### WORK TO COMPLETE
For the entries that follow, produce an exact copy with no pictures in it.

[SOURCE INFORMATION — start]

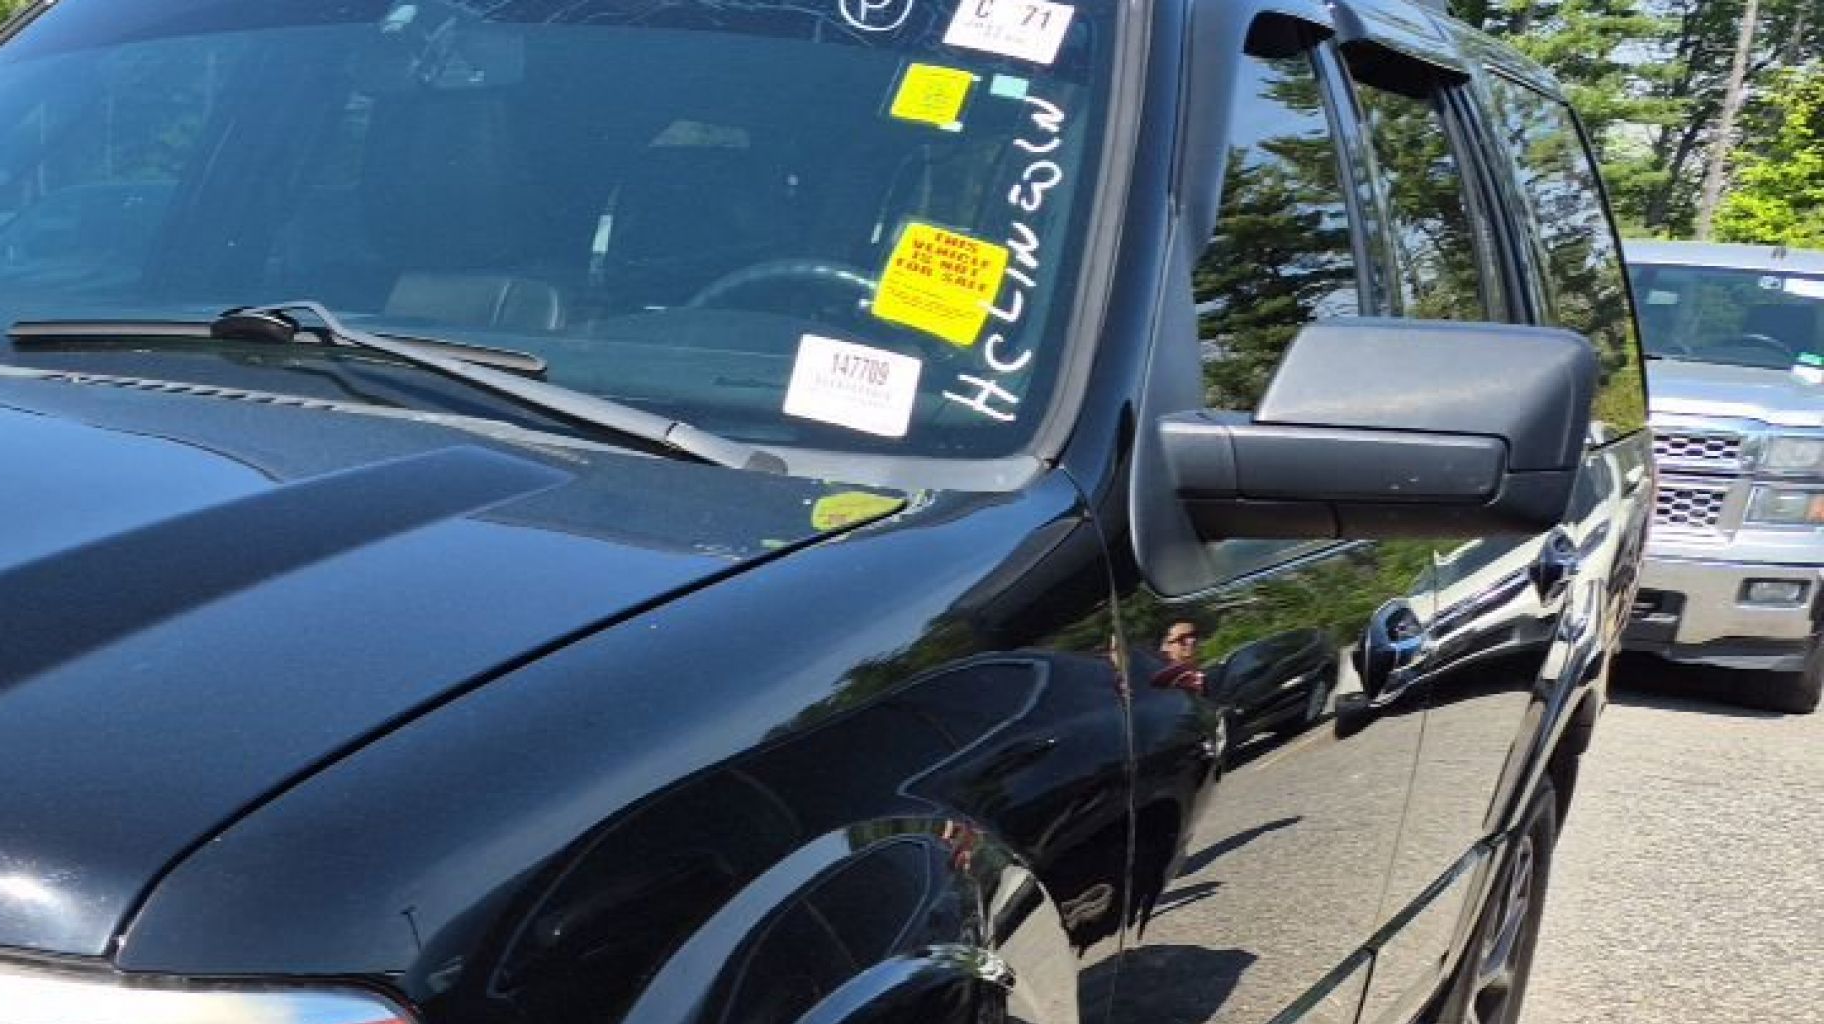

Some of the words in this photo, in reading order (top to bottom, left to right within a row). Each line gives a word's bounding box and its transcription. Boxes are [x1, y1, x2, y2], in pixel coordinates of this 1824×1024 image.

[911, 239, 991, 269] VEHICLE
[934, 231, 979, 254] THIS
[895, 257, 933, 277] FOR
[940, 272, 987, 293] SALE
[911, 250, 933, 264] IS
[939, 260, 978, 278] NOT

[SOURCE INFORMATION — finish]

### THE COMPLETED TASK
Some of the words in this photo, in reading order (top to bottom, left to right within a row). Each line gives a word's bounding box and its transcription. Boxes are [x1, y1, x2, y2], in pixel coordinates of this 1824×1024 image.

[911, 239, 991, 269] VEHICLE
[934, 231, 979, 254] THIS
[895, 257, 933, 277] FOR
[940, 272, 987, 293] SALE
[911, 250, 933, 264] IS
[939, 260, 978, 278] NOT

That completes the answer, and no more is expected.